— What to do —
An image-free, word-for-word version of the records below is to be returned.
───── Extracted information
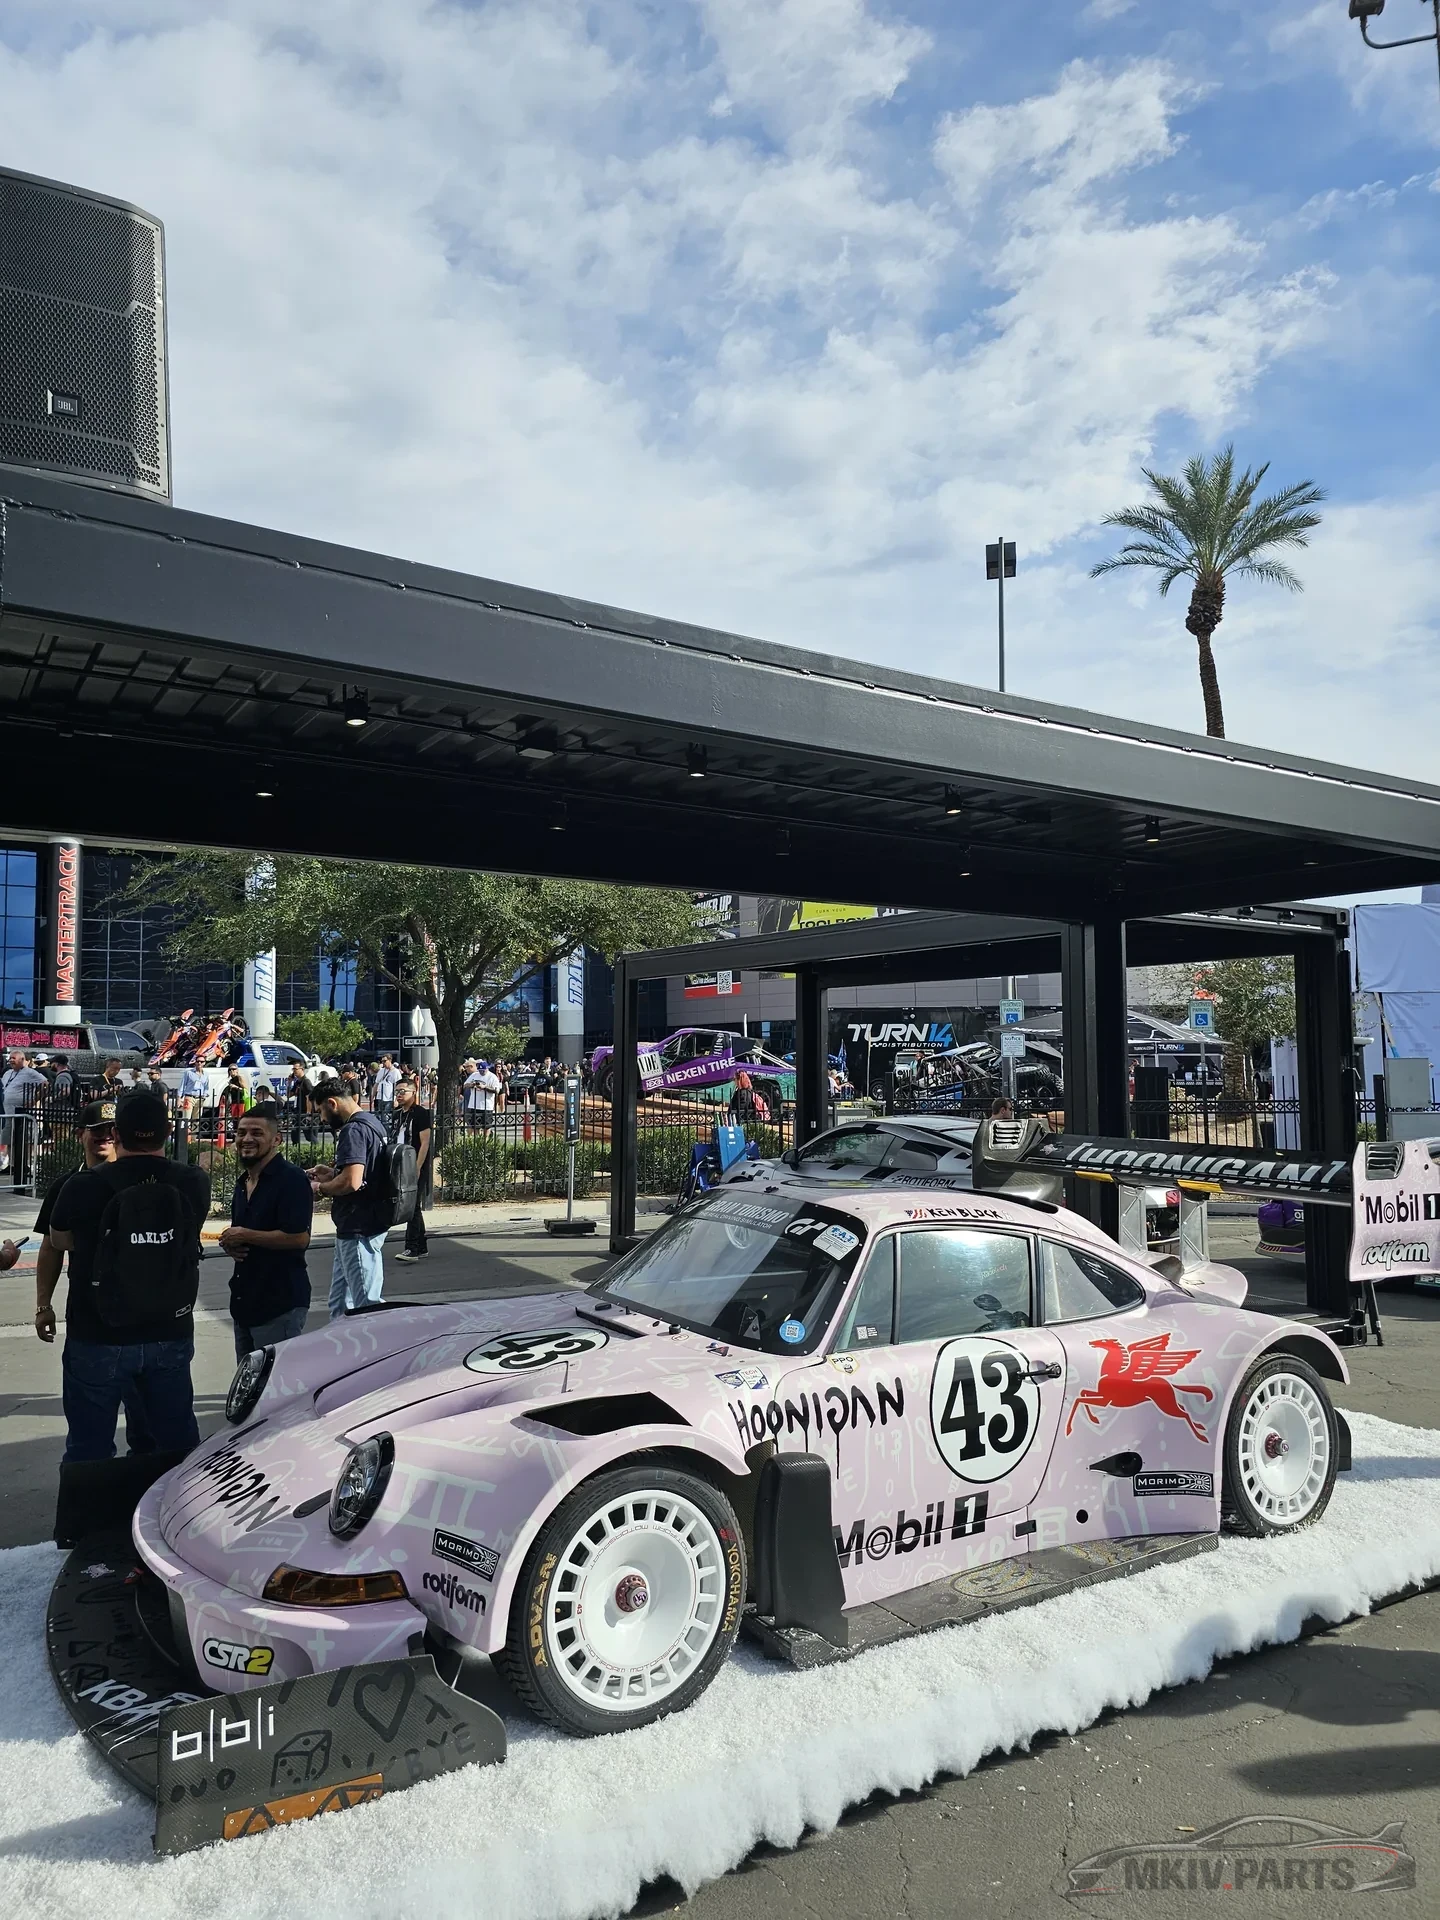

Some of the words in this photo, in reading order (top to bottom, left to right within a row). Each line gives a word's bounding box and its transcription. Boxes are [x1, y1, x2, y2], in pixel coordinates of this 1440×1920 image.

[57, 400, 74, 411] JBL
[720, 895, 732, 912] UP
[56, 847, 77, 1002] MASTERTRACK
[800, 917, 866, 929] TOOLB
[847, 1023, 953, 1047] TURN14
[666, 1066, 707, 1084] NEXEN
[708, 1057, 736, 1072] TIRE
[902, 1175, 957, 1188] ROTIFORM
[704, 1200, 741, 1214] GRAN
[733, 1203, 790, 1224] TURISMO
[926, 1208, 957, 1217] KEN
[957, 1208, 1003, 1219] BLOCK
[1365, 1194, 1419, 1224] Mobil
[130, 1228, 174, 1244] OAKLEY
[1361, 1239, 1431, 1271] rotiform
[479, 1332, 597, 1369] 43
[831, 1356, 854, 1365] PPO
[940, 1350, 1029, 1462] 43
[832, 1501, 945, 1569] Mobil
[422, 1572, 487, 1616] rotiform
[721, 1543, 741, 1632] YOKOHAMA
[530, 1552, 558, 1667] ADVAN
[577, 1604, 582, 1615] 43
[203, 1639, 272, 1674] CSR2
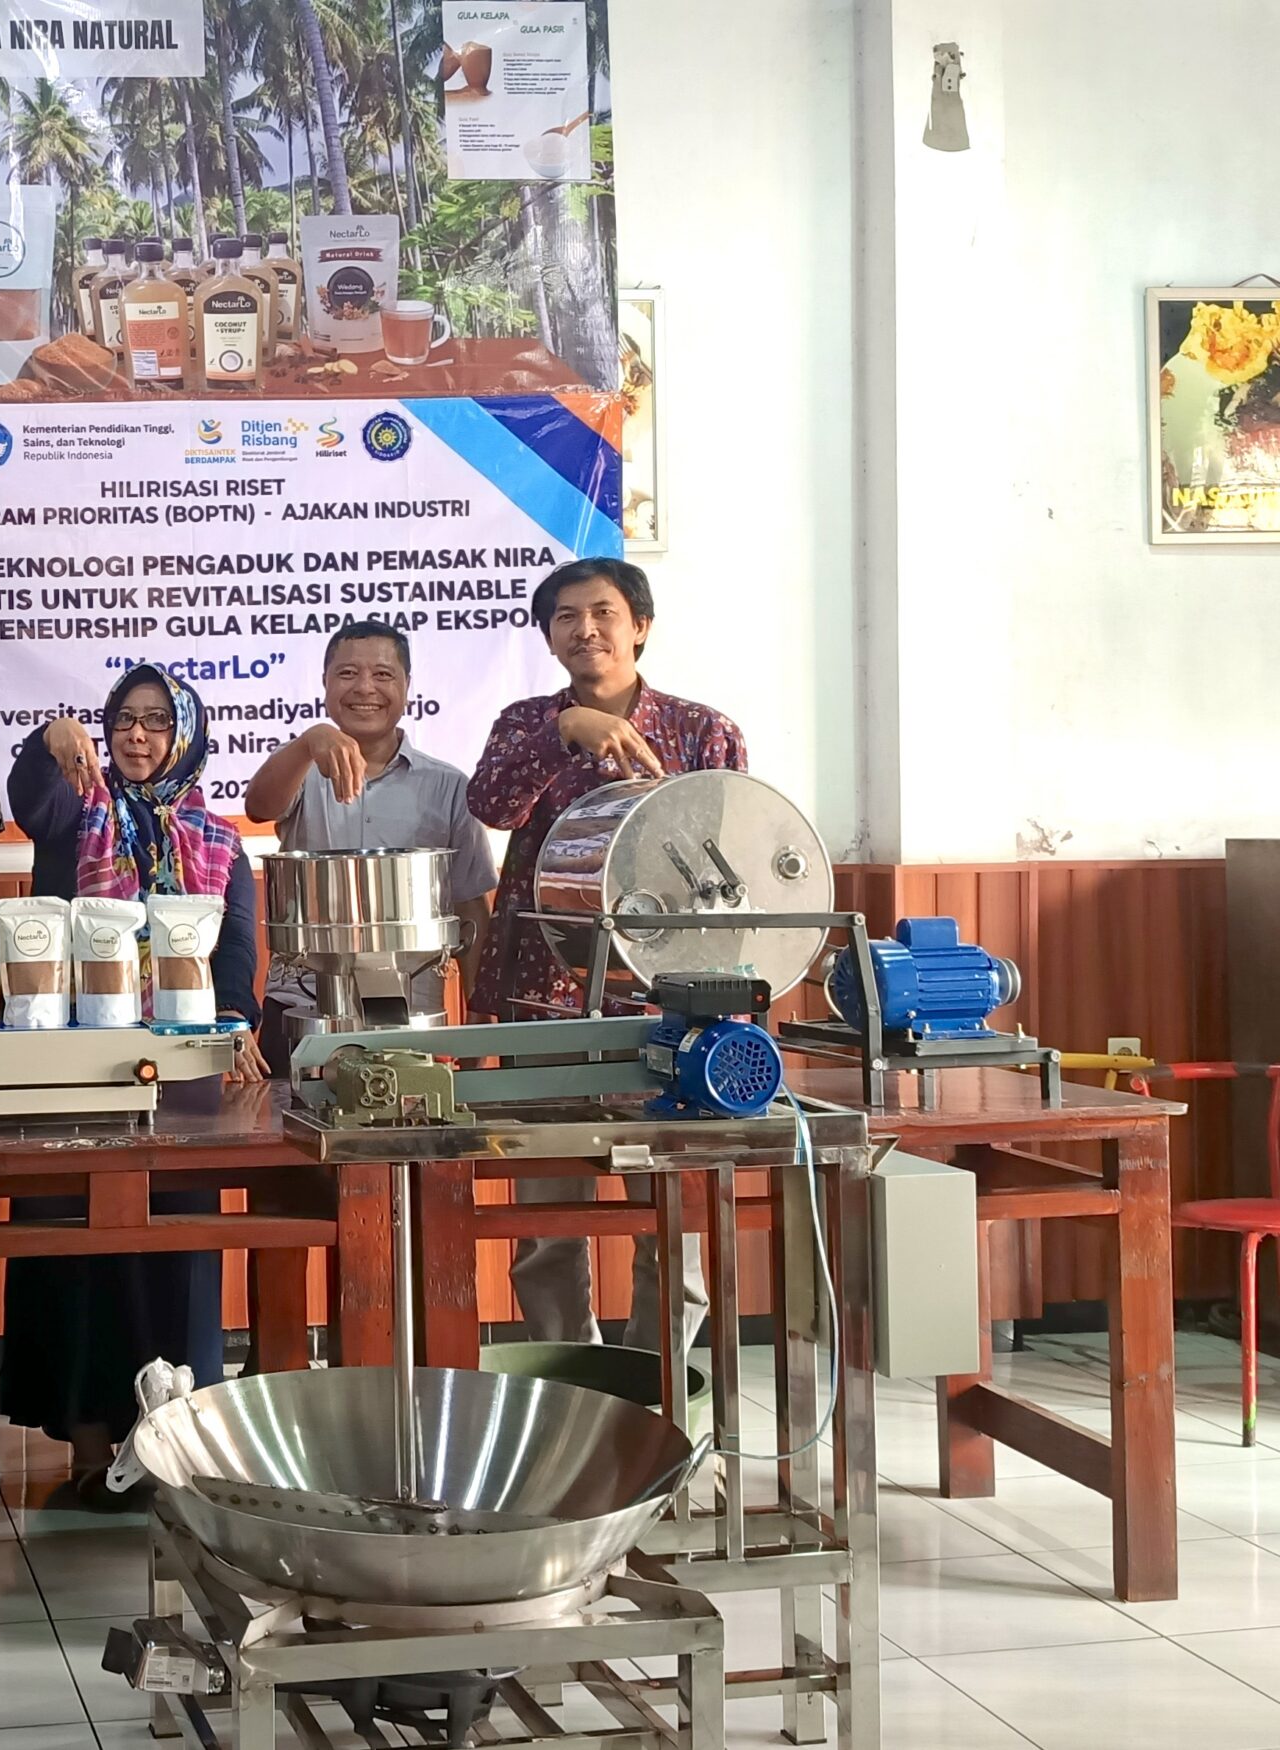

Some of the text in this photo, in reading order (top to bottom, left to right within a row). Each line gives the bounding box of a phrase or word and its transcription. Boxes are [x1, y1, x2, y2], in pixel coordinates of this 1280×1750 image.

[457, 11, 510, 20] GULA KELAPA
[9, 19, 65, 50] NIRA
[72, 18, 179, 50] NATURAL
[520, 25, 565, 34] GULA PASIR
[328, 228, 370, 239] NectarLo
[211, 299, 252, 309] NectarLo
[213, 320, 248, 328] COCONUT
[22, 423, 175, 435] Kementerian Pendidikan Tinggi,
[241, 420, 282, 435] Ditjen
[23, 437, 126, 448] Sains, dan Teknologi
[241, 434, 298, 449] Risbang
[23, 450, 113, 461] Republik Indonesia
[184, 448, 236, 456] DIKTISAINTEK
[184, 456, 237, 464] BERDAMPAK
[100, 479, 286, 498] HILIRISASI RISET
[42, 505, 159, 525] PRIORITAS
[165, 502, 256, 527] (BOPTN)
[281, 502, 369, 521] AJAKAN
[374, 499, 470, 519] INDUSTRI
[142, 552, 295, 577] PENGADUK
[303, 551, 359, 573] DAN
[366, 548, 487, 571] PEMASAK
[493, 546, 556, 568] NIRA
[41, 587, 139, 611] UNTUK
[146, 583, 331, 609] REVITALISASI
[340, 578, 527, 604] SUSTAINABLE
[165, 615, 242, 637] GULA
[228, 732, 280, 754] Nira
[17, 933, 48, 941] NectarLo
──────────
— Answer box —
Some of the words in this photo, in reading order (top to bottom, left to right within a row). Each line gives a word's bounding box and its transcription. Boxes are [x1, y1, x2, y2], in pixel coordinates of this 1440×1920 image.

[57, 400, 74, 411] JBL
[720, 895, 732, 912] UP
[56, 847, 77, 1002] MASTERTRACK
[800, 917, 866, 929] TOOLB
[847, 1023, 953, 1047] TURN14
[666, 1066, 707, 1084] NEXEN
[708, 1057, 736, 1072] TIRE
[902, 1175, 957, 1188] ROTIFORM
[704, 1200, 741, 1214] GRAN
[733, 1203, 790, 1224] TURISMO
[926, 1208, 957, 1217] KEN
[957, 1208, 1003, 1219] BLOCK
[1365, 1194, 1419, 1224] Mobil
[130, 1228, 174, 1244] OAKLEY
[1361, 1239, 1431, 1271] rotiform
[479, 1332, 597, 1369] 43
[831, 1356, 854, 1365] PPO
[940, 1350, 1029, 1462] 43
[832, 1501, 945, 1569] Mobil
[422, 1572, 487, 1616] rotiform
[721, 1543, 741, 1632] YOKOHAMA
[530, 1552, 558, 1667] ADVAN
[577, 1604, 582, 1615] 43
[203, 1639, 272, 1674] CSR2

Some of the text in this photo, in reading order (top to bottom, left to right within a row). Each line gives the bounding box of a phrase or word and its transcription. Boxes are [x1, y1, x2, y2], in pixel coordinates of this 1280×1750 image.

[457, 11, 510, 20] GULA KELAPA
[9, 19, 65, 50] NIRA
[72, 18, 179, 50] NATURAL
[520, 25, 565, 34] GULA PASIR
[328, 228, 370, 239] NectarLo
[211, 299, 252, 309] NectarLo
[213, 320, 248, 328] COCONUT
[22, 423, 175, 435] Kementerian Pendidikan Tinggi,
[241, 420, 282, 435] Ditjen
[23, 437, 126, 448] Sains, dan Teknologi
[241, 434, 298, 449] Risbang
[23, 450, 113, 461] Republik Indonesia
[184, 448, 236, 456] DIKTISAINTEK
[184, 456, 237, 464] BERDAMPAK
[100, 479, 286, 498] HILIRISASI RISET
[42, 505, 159, 525] PRIORITAS
[165, 502, 256, 527] (BOPTN)
[281, 502, 369, 521] AJAKAN
[374, 499, 470, 519] INDUSTRI
[142, 552, 295, 577] PENGADUK
[303, 551, 359, 573] DAN
[366, 548, 487, 571] PEMASAK
[493, 546, 556, 568] NIRA
[41, 587, 139, 611] UNTUK
[146, 583, 331, 609] REVITALISASI
[340, 578, 527, 604] SUSTAINABLE
[165, 615, 242, 637] GULA
[228, 732, 280, 754] Nira
[17, 933, 48, 941] NectarLo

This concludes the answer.